[Coral-List] What do coral reef scientists perceive are the major threats to Caribbean coral reefs?

Douglas Fenner douglasfennertassi at gmail.com
Sat Apr 19 06:01:41 EDT 2014


      Lionfish are currently an important introduced species in the
Caribbean, and snowflake coral (Carijoa reesi) in Hawaii is a problem,
along with a couple others (a sponge, Mycale, seems to be invasive).
However, invasive species in the Indo-Pacific are quite minor so far
compared to other threats, and the Indo-Pacific is the vast majority
of coral reef area.  Compare with global warming: El Nino plus the
Indian Ocean Dipole caused enormous coral mortality in the Indian
Ocean in 1998, an estimated total with other areas of 16% of the
world's coral, a harbinger of things to come as temperatures rise and
El Nino warming events are on top of the warming trend.  Also,
compared to many terrestrial environments where there are loads of
introduced species (cane toads, brown tree snakes, giant African
snails, predatory snails, vines and all sorts of other plants, etc
etc), some of which like the brown tree snakes in Guam and the
introduced mosquitoes and avian malaria in Hawaii do enormous damage.

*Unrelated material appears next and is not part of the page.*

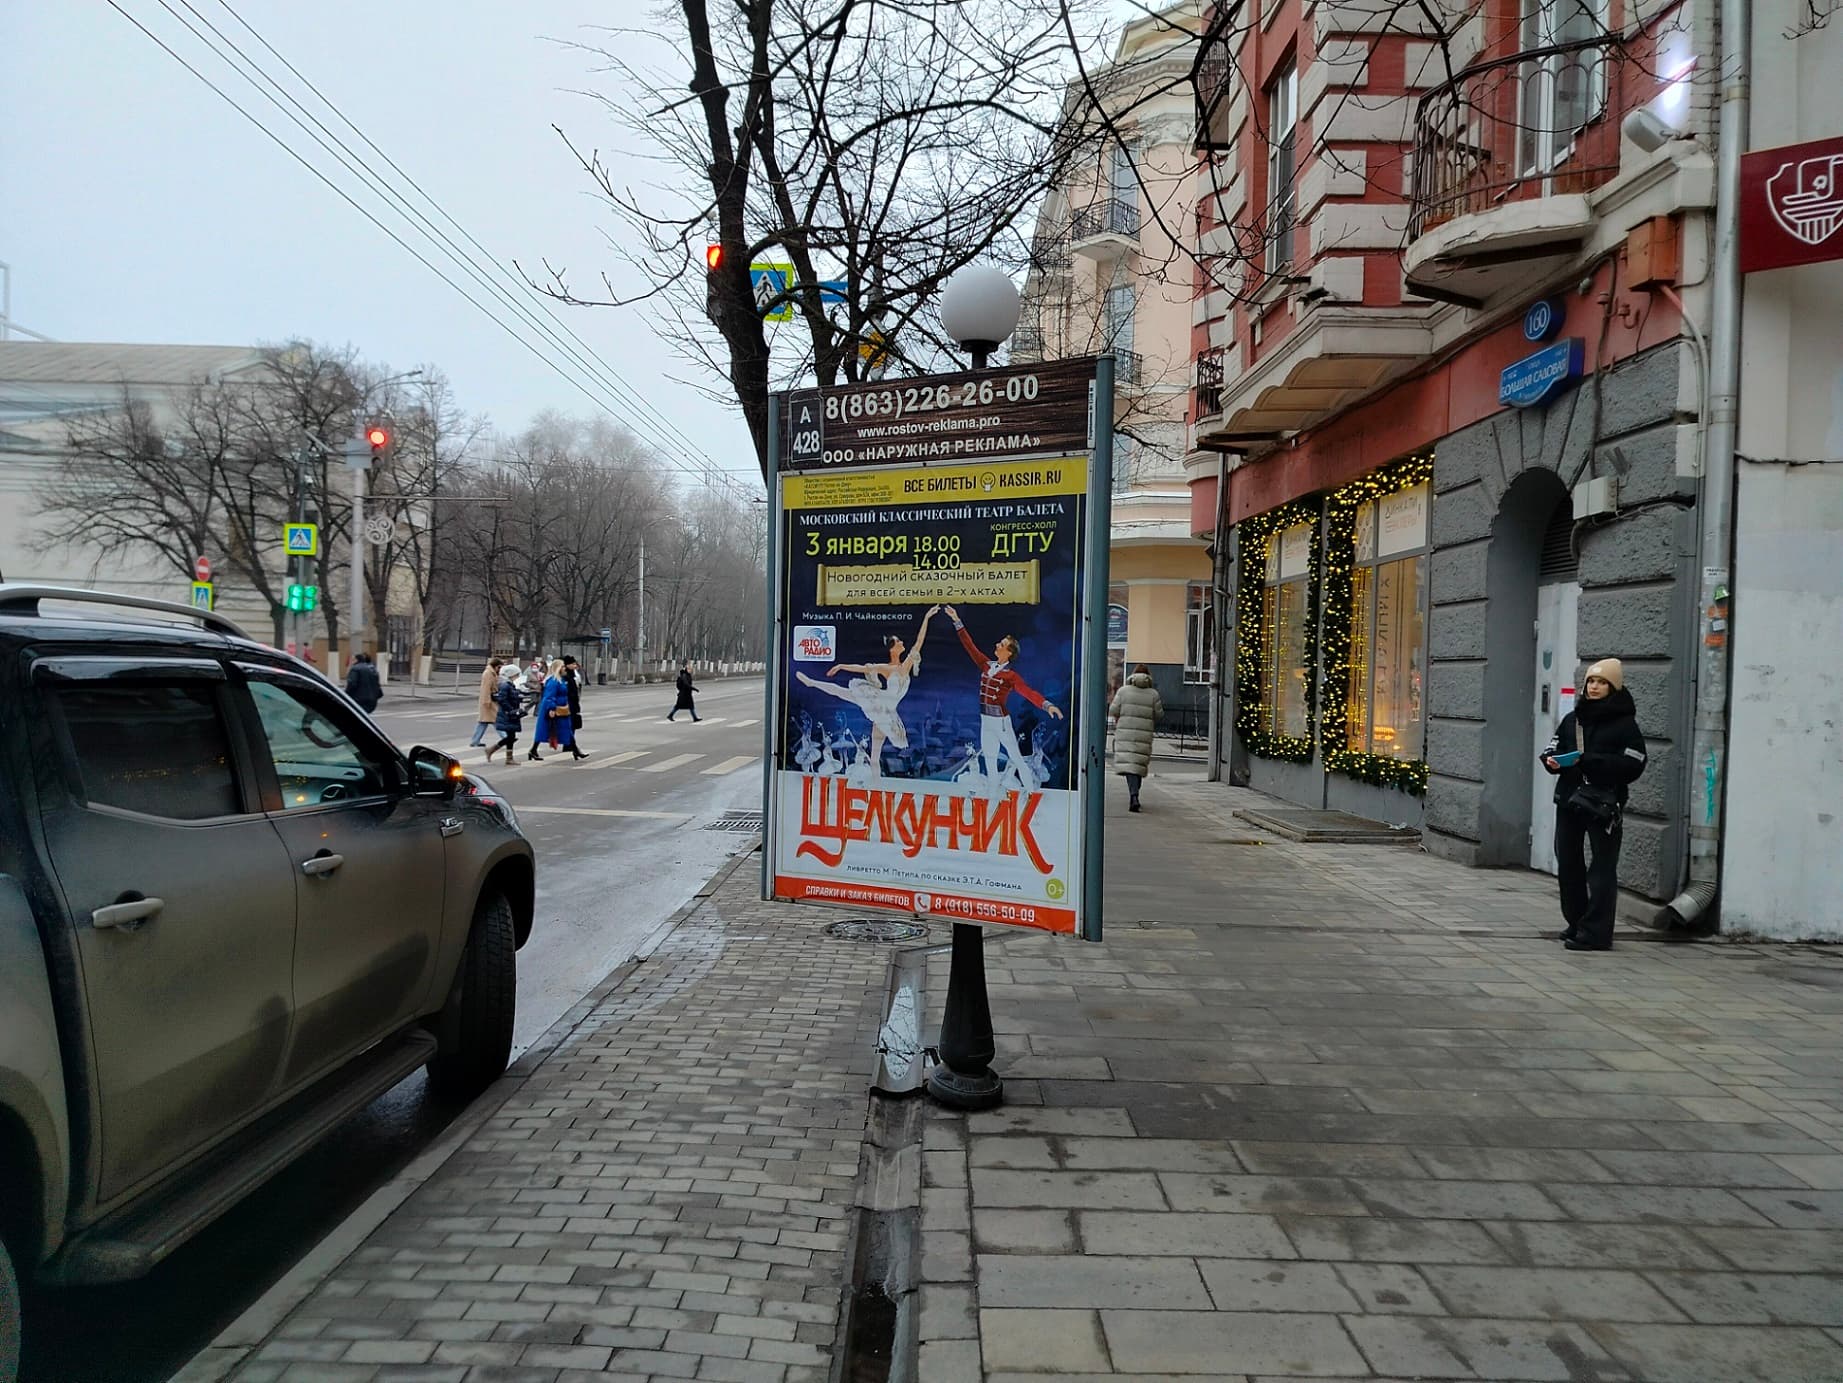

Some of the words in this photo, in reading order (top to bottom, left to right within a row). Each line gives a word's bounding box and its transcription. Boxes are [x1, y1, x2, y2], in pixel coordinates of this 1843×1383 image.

Coral reefs have gotten off relatively lightly in introduced species
compared to terrestrial environments, but the lionfish are a reminder
that the reefs may simply be behind the terrestrial environments and
may have a future more similar to them.  Just as the Indo-Pacific may
have a future with coral diseases as nasty as the Caribbean has had.

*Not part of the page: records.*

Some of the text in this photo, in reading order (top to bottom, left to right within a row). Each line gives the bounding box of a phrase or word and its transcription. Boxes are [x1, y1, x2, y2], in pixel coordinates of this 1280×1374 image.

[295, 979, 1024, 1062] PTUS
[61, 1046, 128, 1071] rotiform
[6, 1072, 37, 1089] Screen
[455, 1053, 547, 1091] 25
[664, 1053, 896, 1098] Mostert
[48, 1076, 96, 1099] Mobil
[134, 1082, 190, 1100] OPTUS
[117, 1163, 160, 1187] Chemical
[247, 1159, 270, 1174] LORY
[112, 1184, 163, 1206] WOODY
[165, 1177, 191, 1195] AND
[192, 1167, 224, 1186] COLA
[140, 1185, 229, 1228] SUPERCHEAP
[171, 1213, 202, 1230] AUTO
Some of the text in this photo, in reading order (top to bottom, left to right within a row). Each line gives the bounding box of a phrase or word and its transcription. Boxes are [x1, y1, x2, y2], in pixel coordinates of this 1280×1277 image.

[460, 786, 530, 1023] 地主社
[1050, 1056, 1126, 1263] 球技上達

In time it will become clear whether the trends are just behind, or
genuinely less.
     The Reefs at Risk program evaluated threats to reefs, and
concluded that overfishing plus destructive fishing was the greatest
local threat, closely followed by land based pollution (if I remember
correctly).  Reefs at Risk is online, a simple search should find it.

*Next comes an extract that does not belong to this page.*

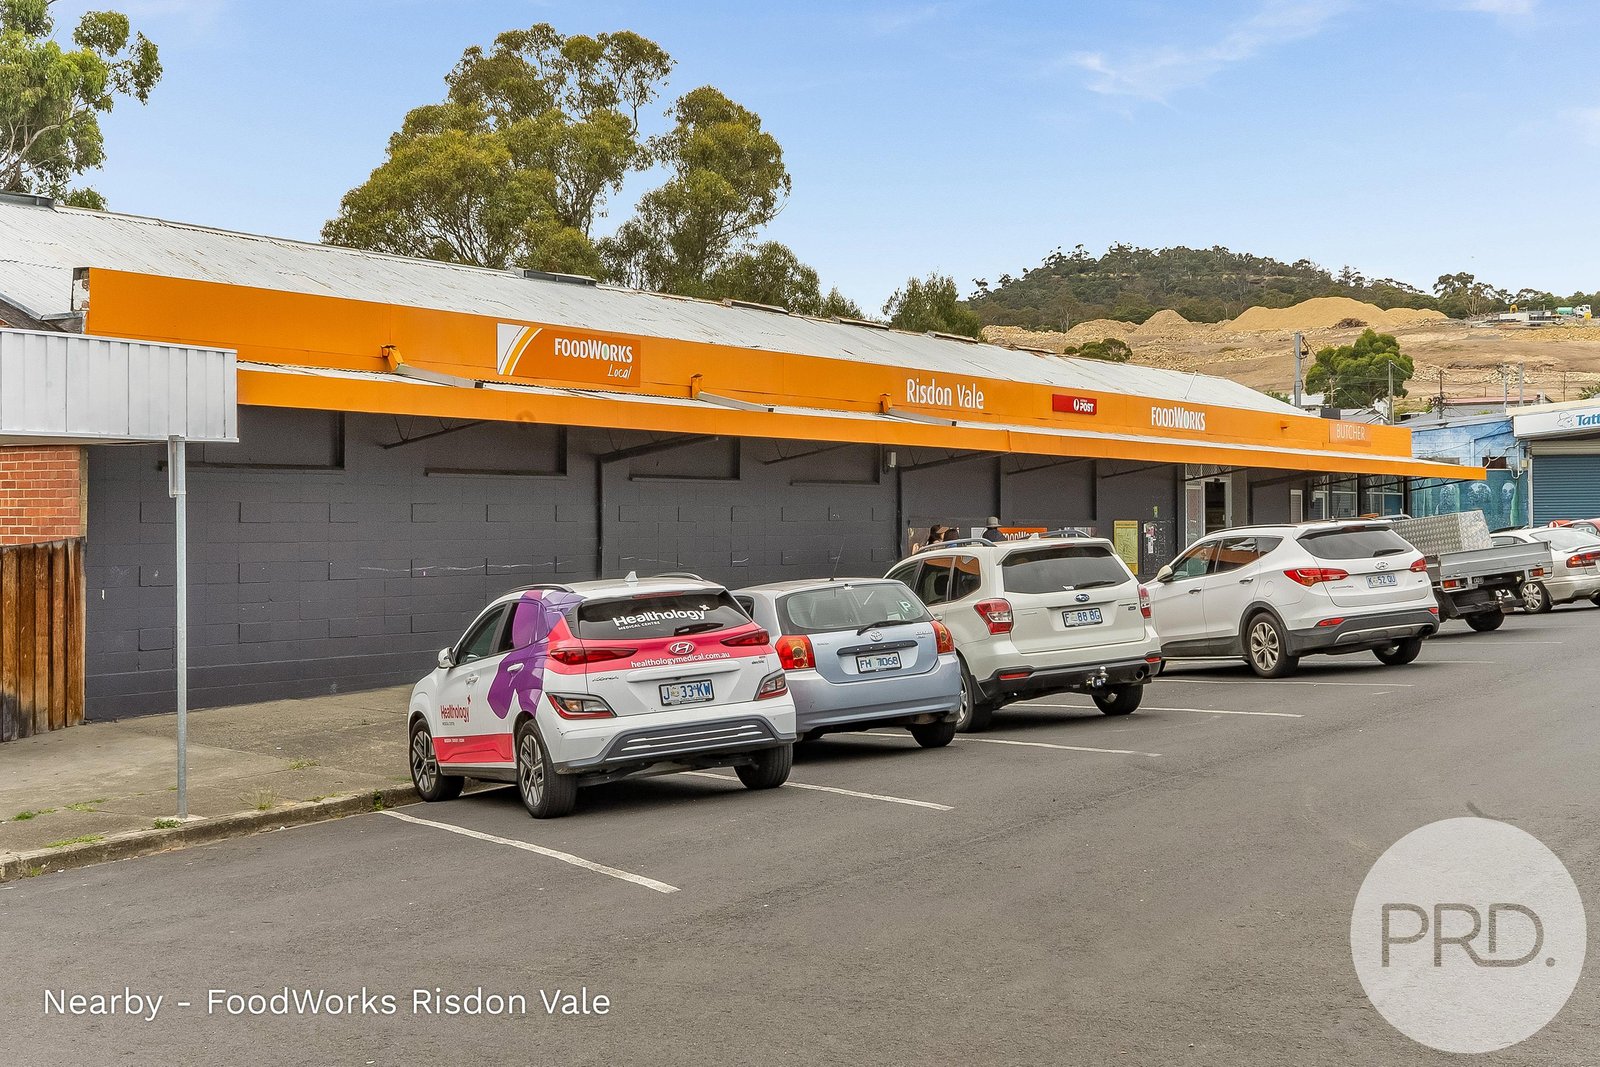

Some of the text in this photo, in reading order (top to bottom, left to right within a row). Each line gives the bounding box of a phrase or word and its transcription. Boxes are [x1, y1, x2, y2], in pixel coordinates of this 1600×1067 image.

Anybody who has seen reefs flattened by blast fishing knows it is an
important threat, and it is widespread in two of the countries that
have some of the most of the world's reefs, Indonesia and the
Philippines.  In addition, overfishing is so prevalent on reefs around
the world, that almost all of the world's reefs have at least some
species of fish that are overfished, which usually are the largest
and/or predatory species, but can in some locations include almost all
species as large or larger than a fish sandwich or even a teabag.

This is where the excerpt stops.